I’ll add them to my list:
– Reunification Palace
– City Hall
I’m saving the “best” until last though. I mentioned at the end of the Cu Chi Tunnels post that I would head to the War Remnants Museum to grasp a little more about what went down during the Vietnam War and I was not disappointed. In the museum grounds, they have some tanks, helicopters and planes, along with lots of other machinery used in the War.
Now, I’m one for going, “ooo, a pretty plane,” not really understanding all the technical details or whatever, but it’s always nice to get up close to machinery like this. For example, there was a Chinook, which I have seen flying around and honestly, I thought it would be bigger, but as I say, what do I know? I loved all the bumps and scrapes on each of the machines, showing that yes, they had played a part in the war.

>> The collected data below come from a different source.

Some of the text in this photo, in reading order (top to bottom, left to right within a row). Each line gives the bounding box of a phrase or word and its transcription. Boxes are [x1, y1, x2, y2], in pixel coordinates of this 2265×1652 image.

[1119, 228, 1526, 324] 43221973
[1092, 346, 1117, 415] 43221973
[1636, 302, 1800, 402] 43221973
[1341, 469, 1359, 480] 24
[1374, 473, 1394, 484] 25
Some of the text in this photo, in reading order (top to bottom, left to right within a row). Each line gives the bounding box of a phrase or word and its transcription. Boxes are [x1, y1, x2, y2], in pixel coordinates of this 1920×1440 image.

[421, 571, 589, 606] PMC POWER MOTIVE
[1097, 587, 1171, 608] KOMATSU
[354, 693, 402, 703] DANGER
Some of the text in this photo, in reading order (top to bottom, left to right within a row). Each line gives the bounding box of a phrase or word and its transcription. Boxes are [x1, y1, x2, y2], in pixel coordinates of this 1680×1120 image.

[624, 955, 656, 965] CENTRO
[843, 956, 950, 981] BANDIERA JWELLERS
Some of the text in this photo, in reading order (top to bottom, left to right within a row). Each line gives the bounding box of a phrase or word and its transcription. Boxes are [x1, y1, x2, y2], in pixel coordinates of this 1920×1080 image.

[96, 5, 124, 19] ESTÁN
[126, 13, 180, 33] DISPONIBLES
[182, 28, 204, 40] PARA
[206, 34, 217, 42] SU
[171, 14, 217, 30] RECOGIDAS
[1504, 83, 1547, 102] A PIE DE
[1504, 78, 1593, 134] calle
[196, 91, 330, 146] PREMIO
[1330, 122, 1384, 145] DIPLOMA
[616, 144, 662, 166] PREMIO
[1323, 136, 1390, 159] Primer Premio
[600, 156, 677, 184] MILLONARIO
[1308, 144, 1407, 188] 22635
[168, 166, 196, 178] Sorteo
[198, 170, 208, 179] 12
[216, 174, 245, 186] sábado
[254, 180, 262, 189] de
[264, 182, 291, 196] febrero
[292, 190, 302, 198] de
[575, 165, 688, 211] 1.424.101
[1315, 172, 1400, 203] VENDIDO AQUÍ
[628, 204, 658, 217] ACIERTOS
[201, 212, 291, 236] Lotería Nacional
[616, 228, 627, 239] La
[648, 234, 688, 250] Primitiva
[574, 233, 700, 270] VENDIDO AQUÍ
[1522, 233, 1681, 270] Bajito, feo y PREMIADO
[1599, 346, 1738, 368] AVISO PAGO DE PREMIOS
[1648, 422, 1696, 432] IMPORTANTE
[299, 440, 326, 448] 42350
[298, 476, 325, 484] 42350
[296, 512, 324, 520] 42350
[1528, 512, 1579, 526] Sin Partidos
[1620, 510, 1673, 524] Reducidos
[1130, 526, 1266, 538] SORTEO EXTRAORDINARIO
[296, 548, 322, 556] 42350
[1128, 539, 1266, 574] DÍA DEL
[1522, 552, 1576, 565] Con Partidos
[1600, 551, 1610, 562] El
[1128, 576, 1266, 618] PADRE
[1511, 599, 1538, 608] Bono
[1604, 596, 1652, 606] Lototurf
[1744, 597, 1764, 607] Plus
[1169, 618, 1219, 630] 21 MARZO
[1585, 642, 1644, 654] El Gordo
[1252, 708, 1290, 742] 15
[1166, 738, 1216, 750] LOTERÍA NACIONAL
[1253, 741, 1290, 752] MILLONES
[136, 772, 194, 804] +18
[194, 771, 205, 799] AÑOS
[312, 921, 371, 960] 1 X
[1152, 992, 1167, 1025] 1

I’d read lots of material before heading to the museum to be wary of some of the photos used, as they weren’t for the faint-hearted. I soon ecountered one such photo when I saw this machine:
however fear not, as I did not take any photos of things like that. Most of the photos I took were of propaganda signs (in German), stunning images and various quotes that I found disturbing and/or unbelievable. I’ll leave these below and you can make your own mind up about them:
So now, after all those truly astonishing quotes and pictures I can add another sight to my list:
– War Remnants Museum
These leaves me on a grand total of 16 out of a list of 24, two thirds of that list, which I don’t think is bad going for a week in Ho Chi Minh City at all. I’m sure Steph will visit the other 8 on my behalf anyway.